Водосточных труб нет. Пожарная лестница! Здесь же есть пожарная лестница, прямо в полуметре от перил балкона!
Уже не размышляя ни секунды, Леня прыгнул с перил, вцепился в лестницу и буквально сполз по ней. Когда до земли оставалось метра три, он сиганул вниз и кинулся бежать.
Куда бежать — ему было все равно, только бы подальше от квартиры родителей, чтобы не вывести на них бандитов. Он мчался по пустым дворам, и ему казалось, что за ним гремят шаги грозных преследователей. Выскочив на дорогу, за которой был парк, он оглянулся — никого. Леня решил перемахнуть через забор военной части, расположенной в парке, а потом петлять по лесу.
Но по пустынной дороге неспешно двигалось такси с зеленым огоньком. Леня замахал обеими руками и, когда машина притормозила, буквально рухнул на заднее сиденье.
— Гони! — выдохнул он и оглянулся. К дороге подбегали два высоких парня.
Таксист правильно оценил ситуацию, ему не хотелось вступать в драку, и вскоре, как заправский гонщик, он рассекал воздух ночных улиц, то и дело посматривая в зеркало, нет ли погони.
Погони, кажется, не было. Им удалось оторваться. Леня нащупал в кармане сверток. Слава Богу, он был на месте. Шумно выпуская из груди воздух, дрожащими руками он, хрустнув оберткой, развернул пакет. В пакете лежали листы нарезанной газетной бумаги. Это была «кукла».
19
Мрачнее тучи, Леня сидел за столом и старательно приклеивал к газетному листу фотографию. Его раздирали противоречивые чувства: и осторожность, и упрямство глубоко укоренились в его натуре. Благоразумнее всего, конечно, хотя бы на время оставить это дело, затаиться, залечь на дно и потом только, когда клиент будет уверен в том, что все затихло и опасность ниоткуда ему не грозит, опять выйти из подполья и добиваться компенсации за риск и моральные потери.

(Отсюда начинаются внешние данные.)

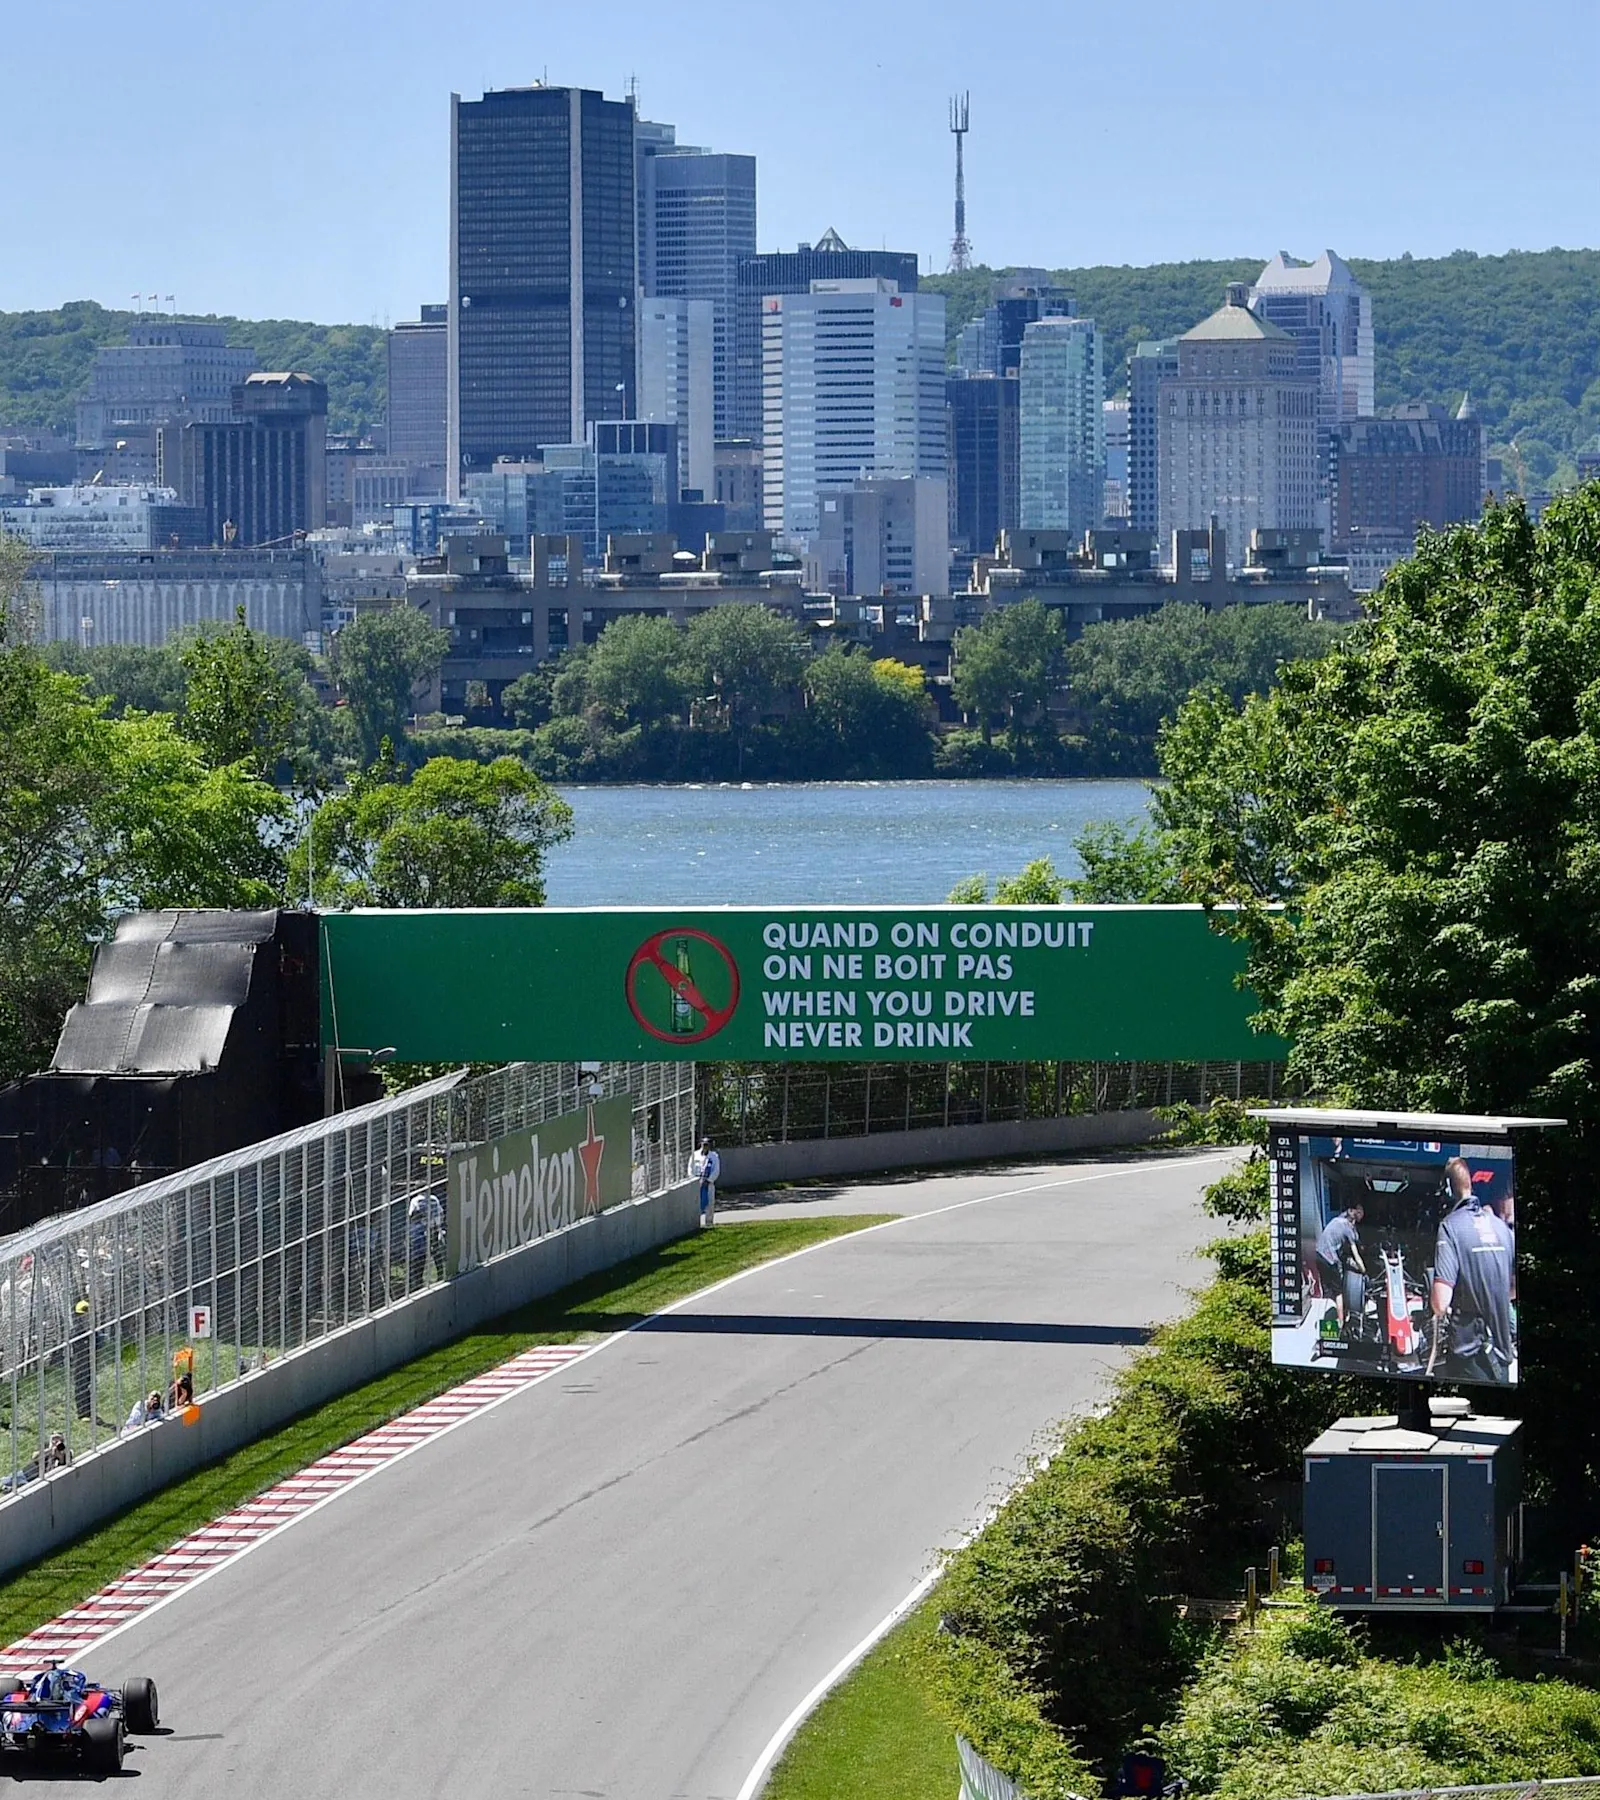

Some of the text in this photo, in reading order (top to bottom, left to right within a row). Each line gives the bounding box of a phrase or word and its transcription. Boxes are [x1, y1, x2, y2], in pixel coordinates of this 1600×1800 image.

Но чувство уязвленного самолюбия толкало шантажиста на то, чтобы снова и снова совать свою голову в петлю. К тому же близилась очередная политическая кампания, и телевизионные выступления Поташова по телевизору становились час от часу пламеннее и непримиримее, а выступления его врагов все более агрессивными. Такой момент не хотелось упускать. Но и жизнь была дорога Лене, как память, — ее все же хотелось сохранить.
«Буду бороться до конца», — остервенело твердил шантажист и, доклеив на газетную полосу фотографию, он крупными печатными буквами надписал сверху: «На этом месте будет ваш портрет».

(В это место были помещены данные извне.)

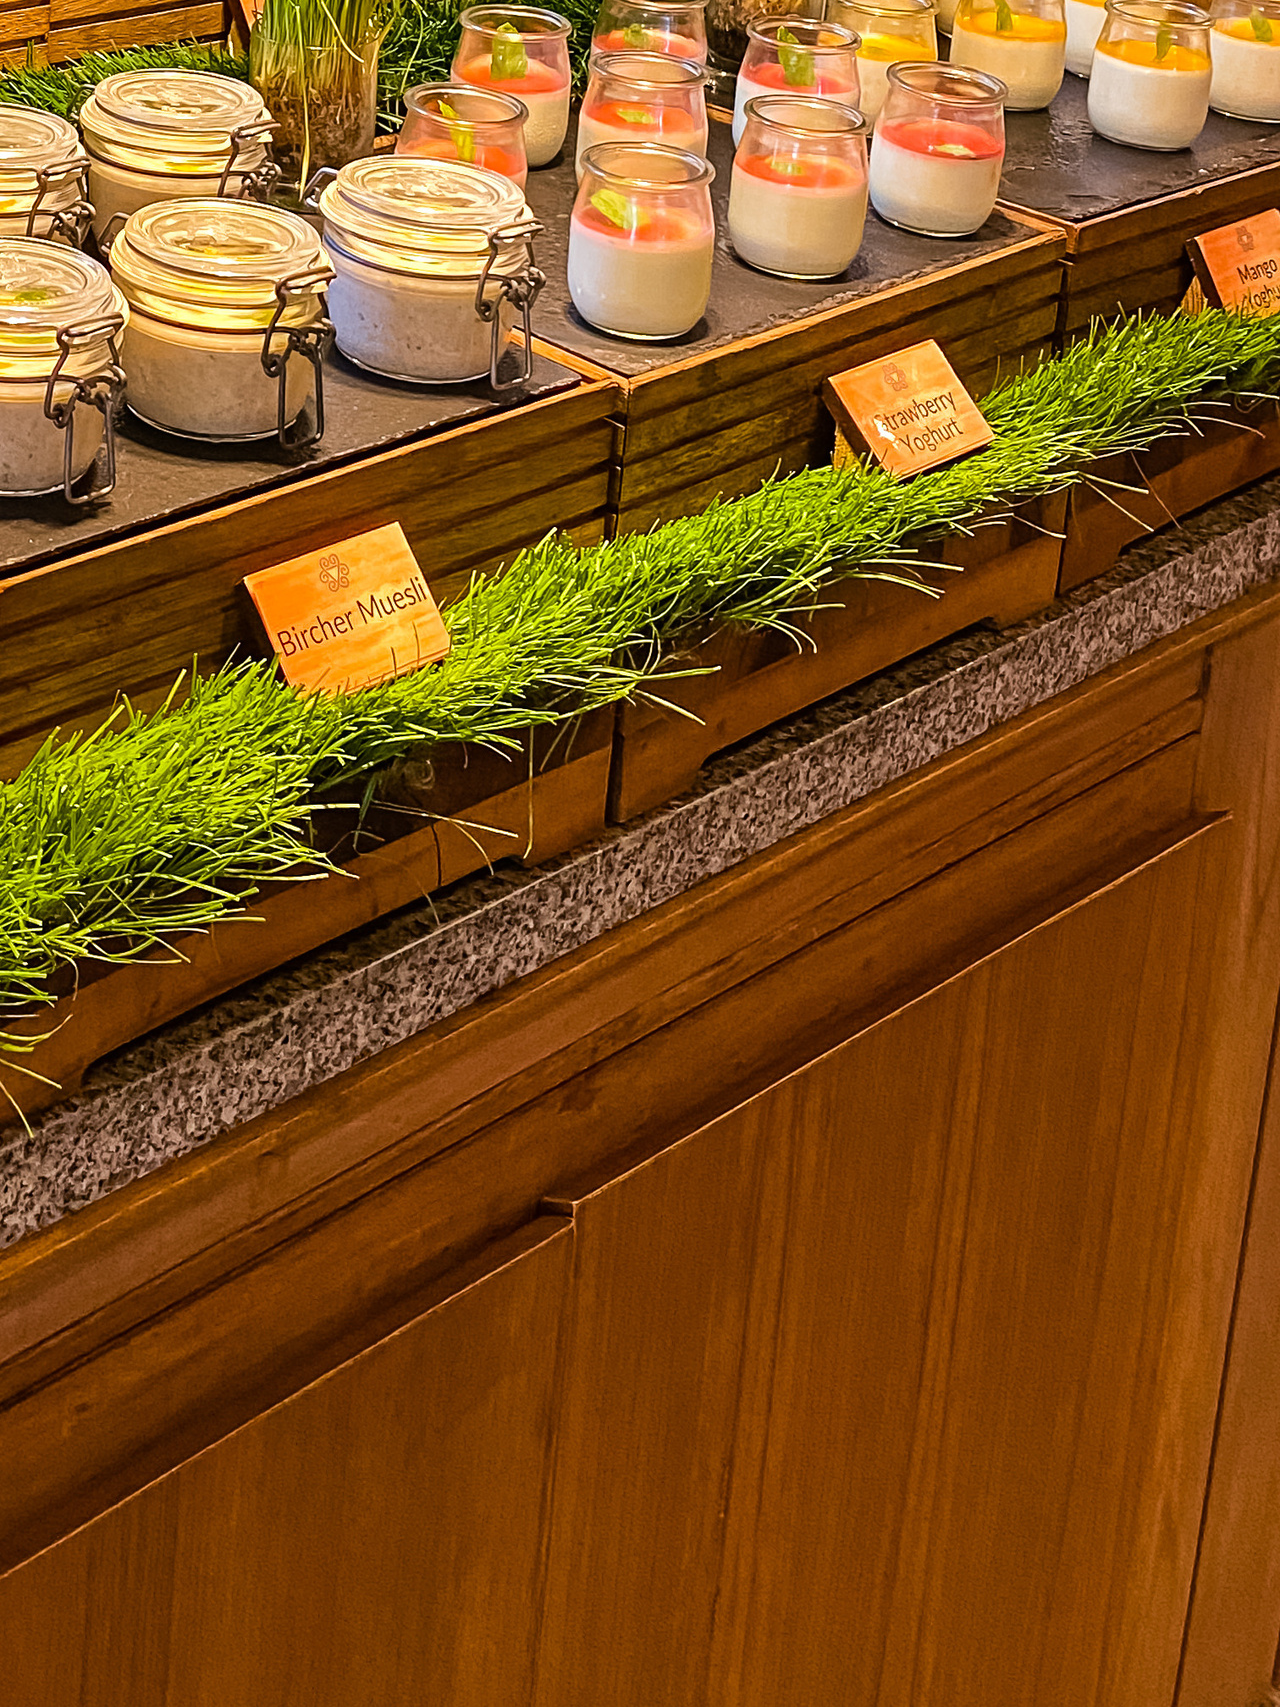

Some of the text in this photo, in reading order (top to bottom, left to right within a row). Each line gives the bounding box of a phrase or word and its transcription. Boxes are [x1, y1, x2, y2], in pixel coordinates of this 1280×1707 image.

[1236, 259, 1278, 285] Mango
[874, 391, 957, 432] Strawberry
[899, 417, 964, 455] Yoghurt
[277, 576, 427, 657] Bircher Muesli

На приклеенной фотографии был изображен самый пик страсти вождя, его позу можно было трактовать однозначно как иллюстрацию к книге о половых извращениях. После того как работа была закончена, шантажист встал, потянулся, разминая застывшие мускулы, и вышел на улицу.
В последнее время он стал очень осторожным. Ходил, постоянно наблюдая, не следует ли кто за ним. Даже утром, спеша в редакцию, он по нескольку раз выскакивал из набитых людьми вагонов метро, чтобы избавиться от мифической слежки. Из подъезда он выходил, предварительно глядя из окна, нет ли чего необычного на улице, а в подъезд входил, напряженно сжимая в кармане заточенную отвертку, в любую секунду ожидая нападения.
Он стал нервным, дерганым и неуверенным в себе. Иногда в голову лезли мысли о собственной бесполезности, о том, что его жизнь, кроме родителей, всем безразлична. Вспоминалась Елена, иногда снилась по ночам с грустной улыбкой на лице.
Но гордость мешала ему первому пойти на примирение. В памяти всплывала обидная фраза, брошенная при последней встрече: «Бог подаст», — и вспоминался свой дурацкий вид при этом.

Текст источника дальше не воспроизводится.